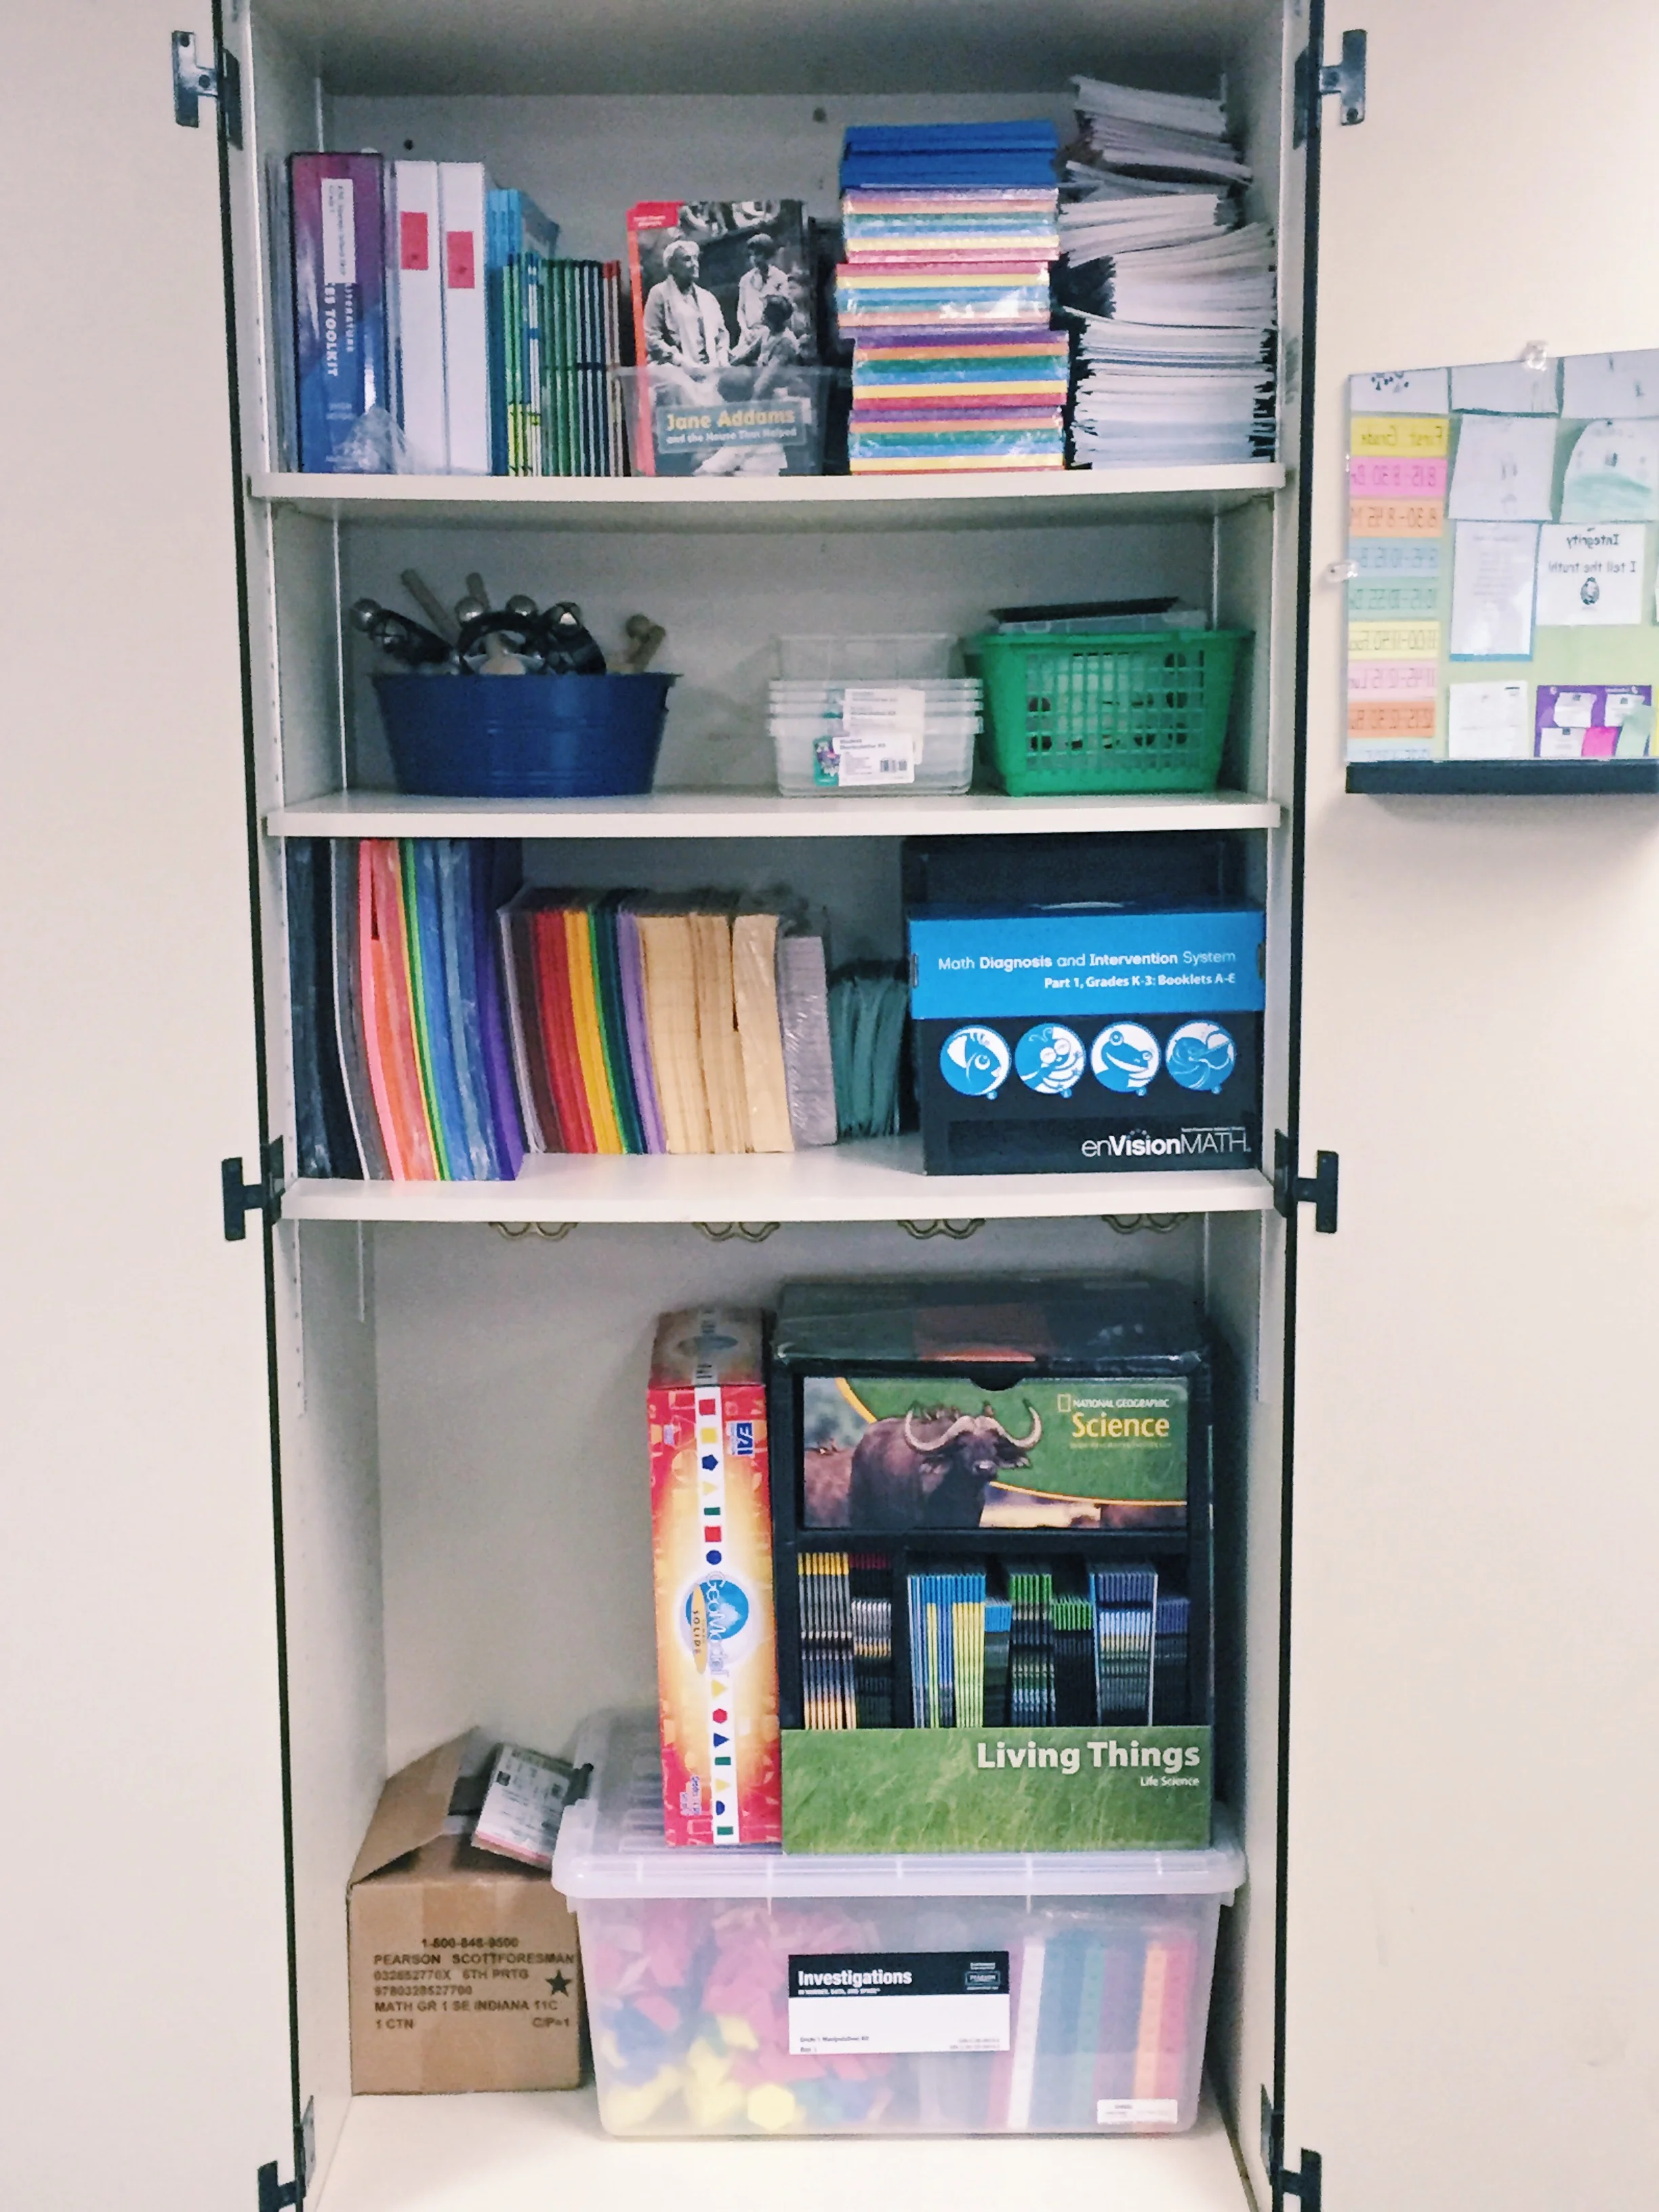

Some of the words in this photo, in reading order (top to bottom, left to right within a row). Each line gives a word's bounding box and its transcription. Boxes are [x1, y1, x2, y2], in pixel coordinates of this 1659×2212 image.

[325, 308, 338, 377] TOOLKIT
[666, 413, 711, 432] Jane
[717, 409, 796, 427] Addams
[666, 434, 686, 445] and
[687, 432, 704, 443] the
[938, 956, 975, 970] Math
[979, 956, 1052, 972] Diagnosis
[1057, 954, 1086, 966] and
[1089, 952, 1178, 966] Intervention
[1183, 951, 1236, 966] System
[1044, 977, 1070, 989] Part
[1073, 977, 1084, 989] 1,
[1085, 975, 1130, 987] Grades
[1132, 975, 1155, 986] K-3:
[1158, 973, 1212, 985] Booklets
[1214, 972, 1236, 983] A-E
[1081, 1129, 1248, 1158] enVisionMATH
[1073, 1399, 1114, 1408] NATIONAL
[1115, 1399, 1170, 1408] GEOGRAPHIC
[1072, 1412, 1170, 1438] Science
[977, 1741, 1080, 1774] Living
[1086, 1740, 1200, 1774] Things
[1141, 1776, 1158, 1786] Life
[1161, 1776, 1200, 1786] Science
[374, 1953, 441, 1965] PEARSON
[452, 1952, 575, 1965] SCOTTFORESMAN
[493, 1968, 529, 1980] PRTG
[798, 1969, 913, 1987] Investigations
[375, 2001, 413, 2012] MATH
[417, 2000, 437, 2011] GR
[442, 2001, 448, 2011] 1
[453, 2001, 470, 2011] SE
[474, 2000, 530, 2011] INDIANA
[535, 1999, 558, 2011] 11C
[376, 2019, 382, 2029] 1
[386, 2019, 414, 2029] CTN

--- --- ---

**Task objective:** Once the pictures are set aside, please output all the data word for word.

**Exercise output:**
Some of the words in this photo, in reading order (top to bottom, left to right within a row). Each line gives a word's bounding box and its transcription. Boxes are [x1, y1, x2, y2], in pixel coordinates of this 1659×2212 image.

[325, 308, 338, 377] TOOLKIT
[666, 413, 711, 432] Jane
[717, 409, 796, 427] Addams
[666, 434, 686, 445] and
[687, 432, 704, 443] the
[938, 956, 975, 970] Math
[979, 956, 1052, 972] Diagnosis
[1057, 954, 1086, 966] and
[1089, 952, 1178, 966] Intervention
[1183, 951, 1236, 966] System
[1044, 977, 1070, 989] Part
[1073, 977, 1084, 989] 1,
[1085, 975, 1130, 987] Grades
[1132, 975, 1155, 986] K-3:
[1158, 973, 1212, 985] Booklets
[1214, 972, 1236, 983] A-E
[1081, 1129, 1248, 1158] enVisionMATH
[1073, 1399, 1114, 1408] NATIONAL
[1115, 1399, 1170, 1408] GEOGRAPHIC
[1072, 1412, 1170, 1438] Science
[977, 1741, 1080, 1774] Living
[1086, 1740, 1200, 1774] Things
[1141, 1776, 1158, 1786] Life
[1161, 1776, 1200, 1786] Science
[374, 1953, 441, 1965] PEARSON
[452, 1952, 575, 1965] SCOTTFORESMAN
[493, 1968, 529, 1980] PRTG
[798, 1969, 913, 1987] Investigations
[375, 2001, 413, 2012] MATH
[417, 2000, 437, 2011] GR
[442, 2001, 448, 2011] 1
[453, 2001, 470, 2011] SE
[474, 2000, 530, 2011] INDIANA
[535, 1999, 558, 2011] 11C
[376, 2019, 382, 2029] 1
[386, 2019, 414, 2029] CTN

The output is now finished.